Most new entrants to computer programming are really thrust straight into a specific language syntax (be it C, C++, Java, C#, Javascript, Python, Lisp or Prolog, etc). Before long most developers just accept the shortcomings or foibles of their selected language.
So really the first task in creating a new programming language is to remove some or all of the existing baggage; until it is possible to distil the bare minimum number of concepts and syntax to be able to create machine instructions.
The Building Blocks
The following are the two main ingredients of a programming language:
- Data Structures (or types)
- Processing Instructions (computation/flow control)
The question is then how to express and arrange these building blocks in a coherent and logical way. It is also important to accommodate how people comprehend information in concept, syntax and general instructions outside of computer programming.
While the original computer programmers were mainly mathematicians and scientists; today individuals entering into 'IT' are from various backgrounds and are much younger with fewer academic qualifications.
Building on what many have already been taught in general terms and also what comes most naturally, leads to the conclusion that most people understand:
- Structure, of the form of a postal address for example
- Sequence, of the form of a recipe or directions to an address
- Classification, of the form of plant/animal or cat/dog
It is these aspects that have lead to the adoption of imperative languages being more dominant over declarative languages (such as Lisp and Prolog). Those imperative ideas are just easier to understand for most people.
Data Structures
A data structure could be as simple as a whole number or a postal address (an aggregate of data items). It could also be a collection of data items, like a List of Address for example. Almost all programming languages contain such concepts and this basic building block is something most people can readily accept and comprehend.
Processing Instructions
It is the area of processing instructions that can cause confusion. For example:
x = 2
y = x + 4
In which both statements seem simple enough, but this is where the first major discord takes place. For a declarative programmer the next statement makes no sense:
x = 3
How can 'x' now be set to something different? Does this now mean 'y' should be reevaluated to be '7'?

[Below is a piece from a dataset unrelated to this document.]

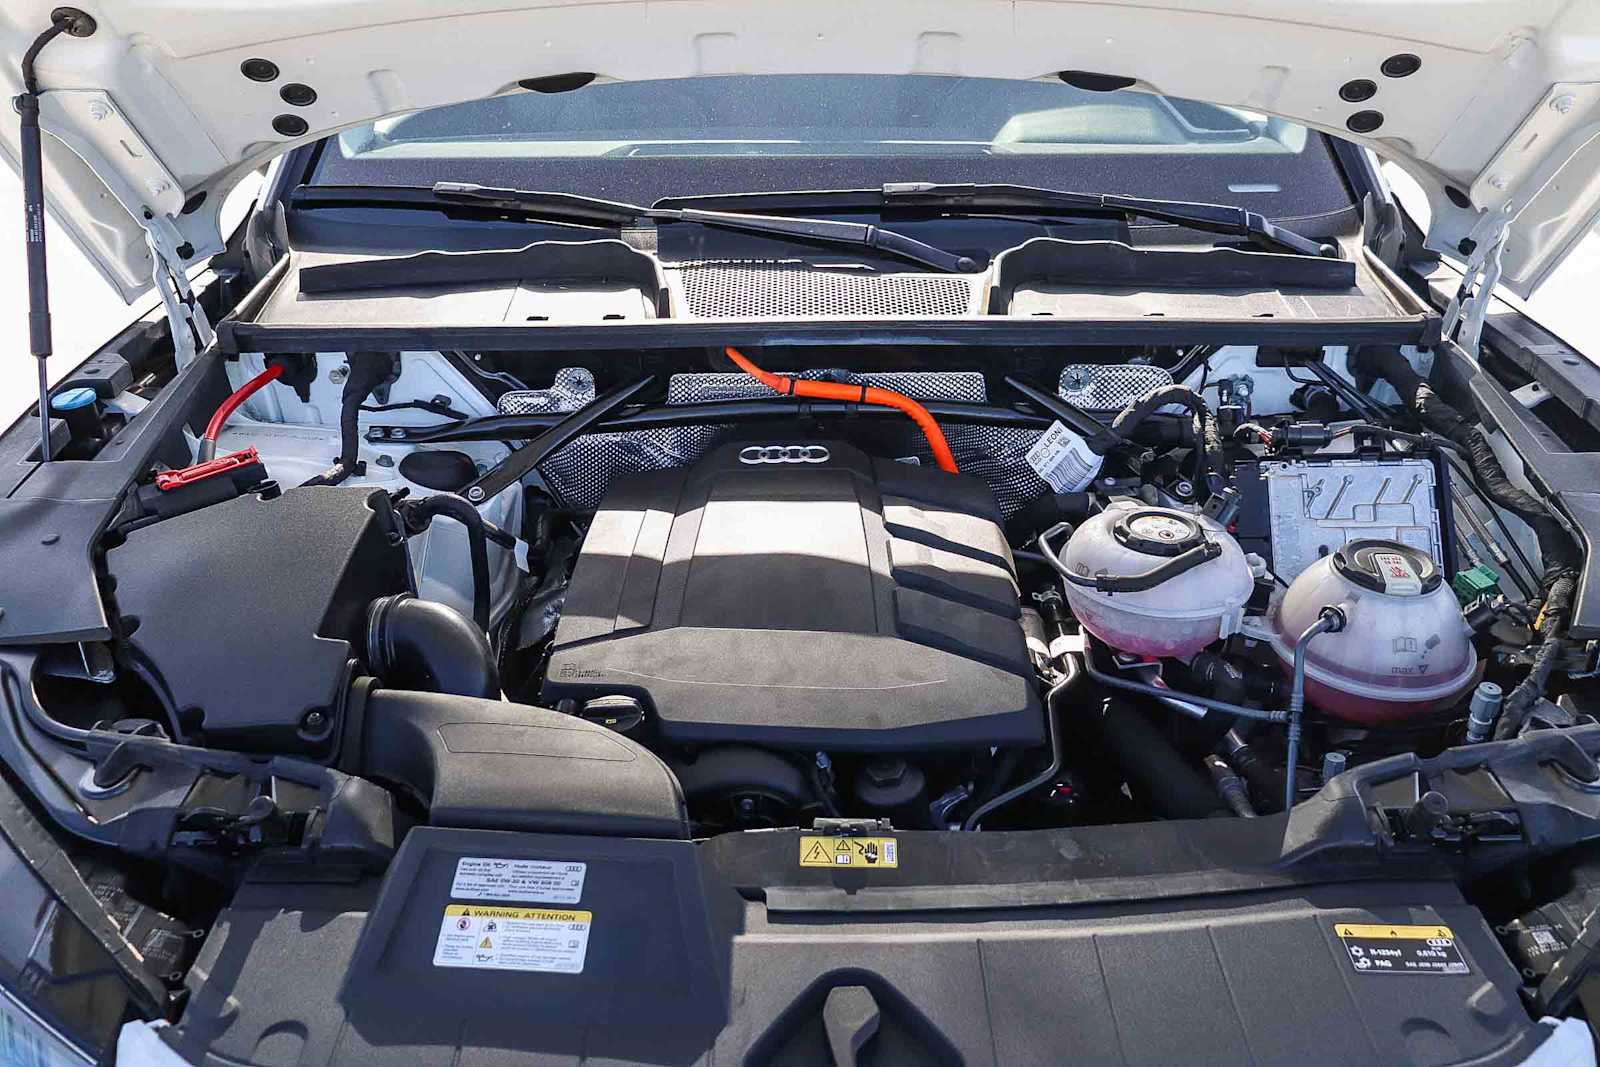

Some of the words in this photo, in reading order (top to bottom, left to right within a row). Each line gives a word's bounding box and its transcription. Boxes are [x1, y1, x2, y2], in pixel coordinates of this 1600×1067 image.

The imperative programmer accepts the above as just an ordered sequence of statements, once 'y' was calculated with the value of 'x' was 2 that's all done and dusted. Now let 'x' be set to 3 and do something else with it.

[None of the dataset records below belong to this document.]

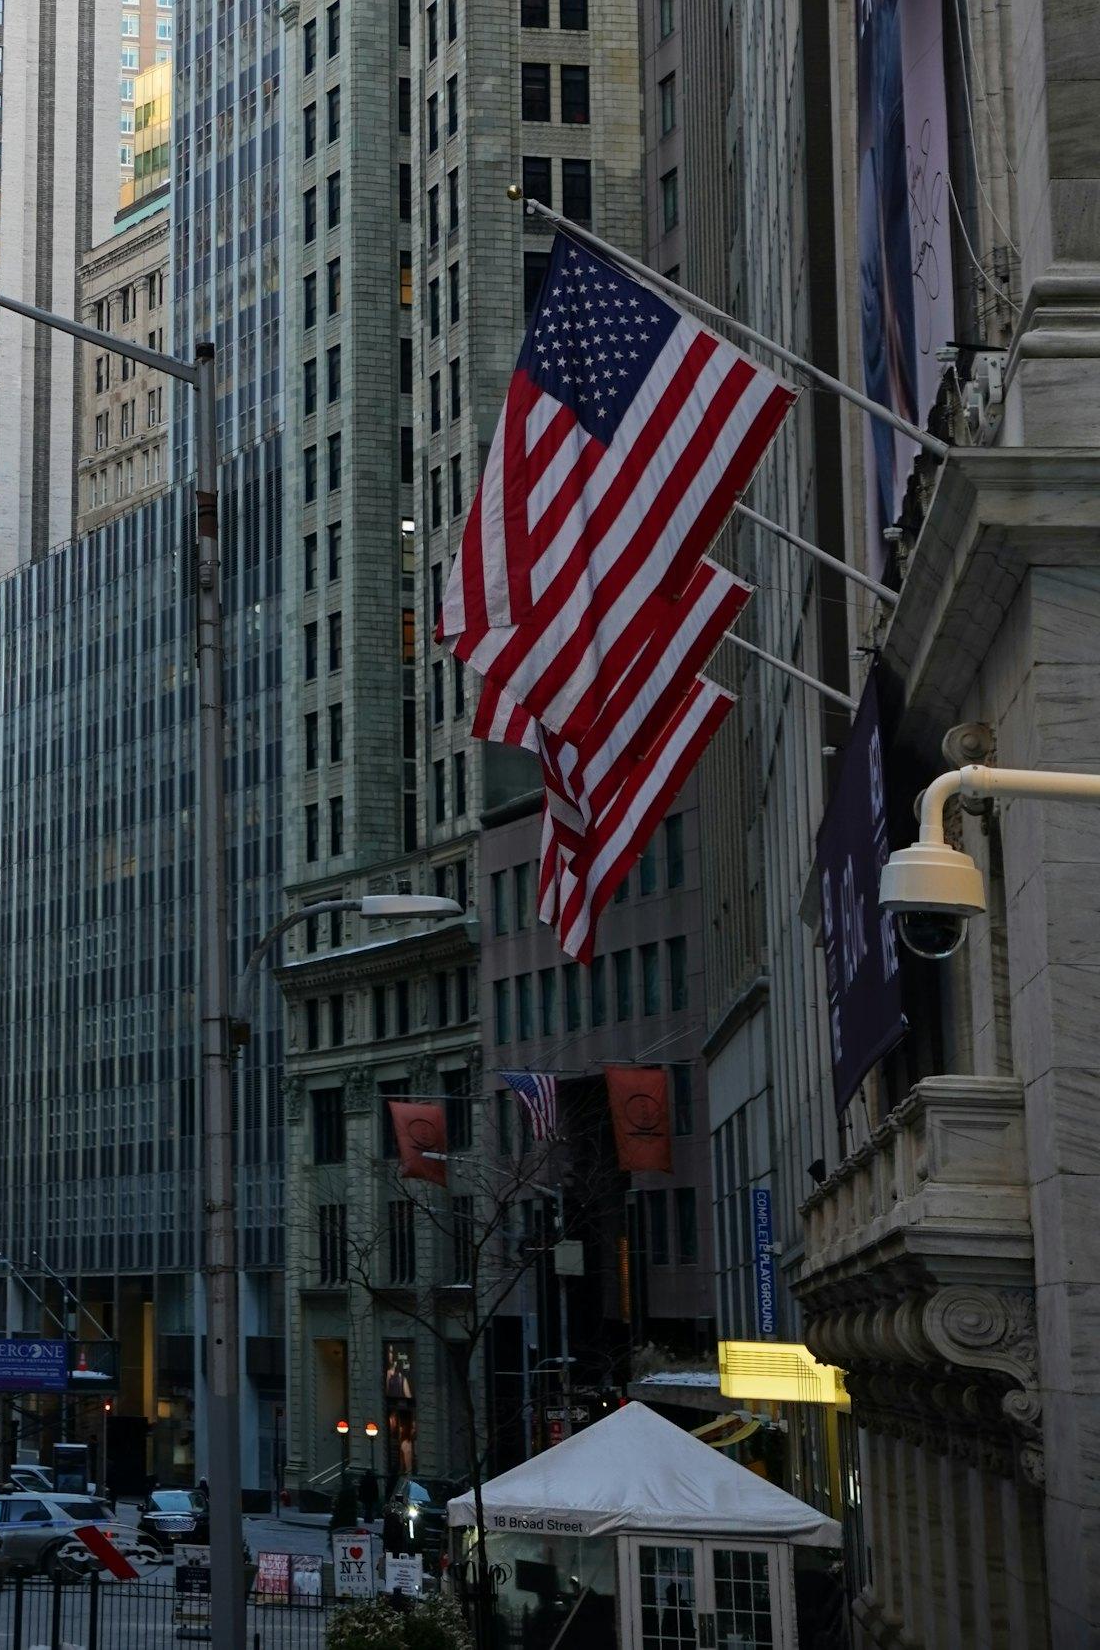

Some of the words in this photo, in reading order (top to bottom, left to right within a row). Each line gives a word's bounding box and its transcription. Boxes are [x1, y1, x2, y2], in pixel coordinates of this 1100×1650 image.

[759, 1253, 773, 1333] PLAYGROUND
[493, 1516, 506, 1528] 18
[509, 1517, 544, 1530] Broad
[546, 1520, 585, 1533] Street
[342, 1546, 349, 1560] I
[340, 1561, 367, 1574] NY
[340, 1574, 368, 1583] GIFTS

Most people can and do accept 'x' can be set to something different. After all they have been used to completing sets of mathematical questions during their schooling. Albeit in a new and separate question!
Arrangement
The final part of this first post relates to how the data structures and processing instructions should be used and arranged in relation to each other.
There are really two schools of thought on this.

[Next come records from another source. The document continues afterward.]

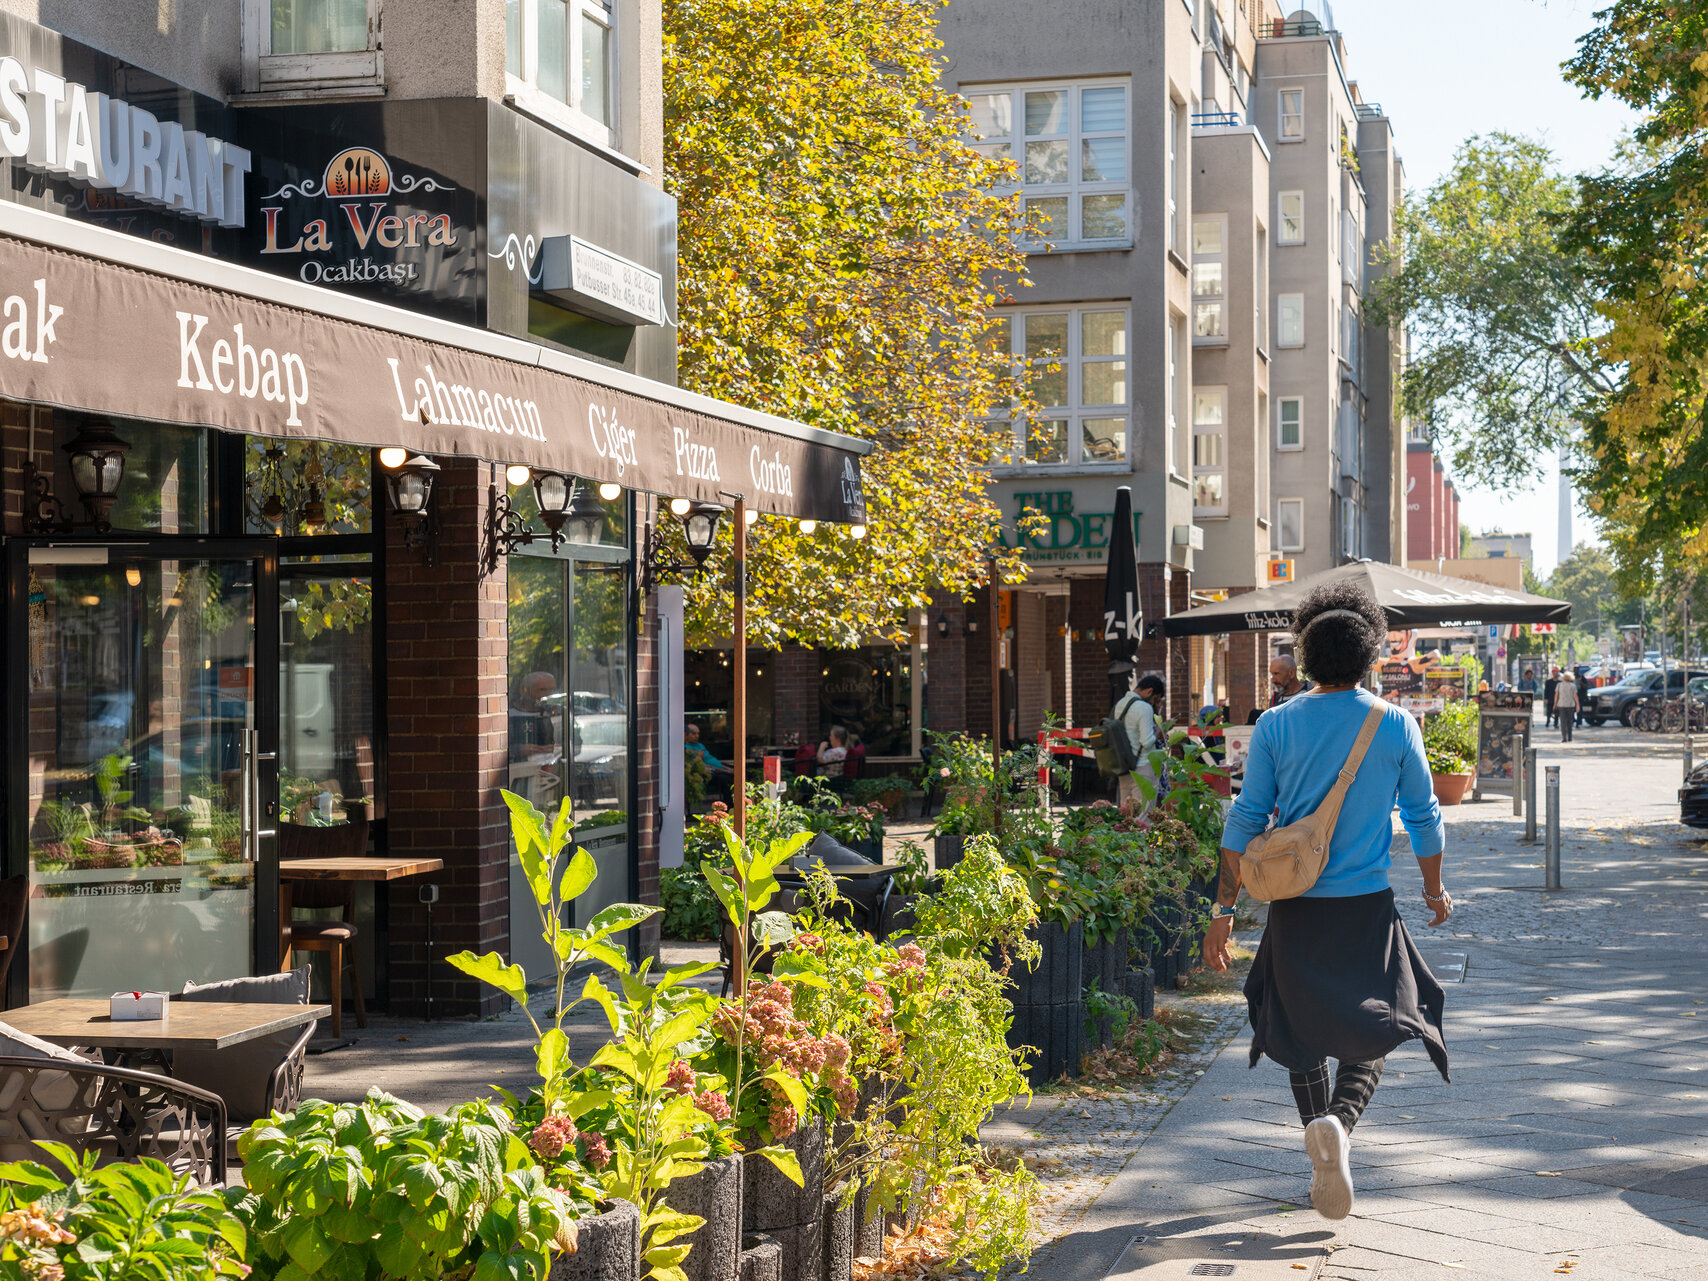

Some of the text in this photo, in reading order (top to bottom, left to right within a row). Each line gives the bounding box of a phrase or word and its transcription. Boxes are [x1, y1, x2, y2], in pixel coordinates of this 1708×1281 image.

[260, 203, 457, 254] La Vera
[300, 257, 418, 285] Ocakbaşı
[577, 267, 610, 296] Putbusser
[612, 282, 623, 301] Str.
[2, 278, 64, 364] ak
[176, 311, 309, 427] Kebap
[387, 358, 547, 442] Lahmacun
[673, 427, 720, 482] Pizza
[750, 444, 793, 497] Corba
[1013, 491, 1074, 515] THE
[1272, 563, 1287, 577] EC

- Data structures are separate from processing (functional programming)
- Data and processing should be related (Object Oriented programming)
When you look in detail as most modern languages; you can see there is now an acceptance that both paradigms have pros and cons. Even Java has gone someway to accept functional programming (though not in that graceful a manner).
There are times it is appropriate to link state and behaviour (object-oriented); there are also times when it is more appropriate to have multiple functions operate on a data structure.
Conclusion
The first part of What's involved in creating a programming language has now been discussed and the conclusion is:
- Imperative programming language
- Strongly typed
- Both Object-oriented and functional programming model
That conclusion can be drawn because a new programming language has to target the very widest range of people.
So it sound's like it is possible to use Python, C++, Typescript or Scala without developing a new language then? Well there are other aspects to a language that are still to be addressed in terms of:
- Syntax (symbols, punctuation, layout)
- Ease of getting started but facilitating more advanced concepts
- Flow control constraints, error handling (known gotchas)
- Type safety and type inferrence (casting, type checking)
- Internal state (global variables, coupling and cohesion)
- Simplicity (nil/null NaN or is set)
- Reuse (packaging, modules, dependencies)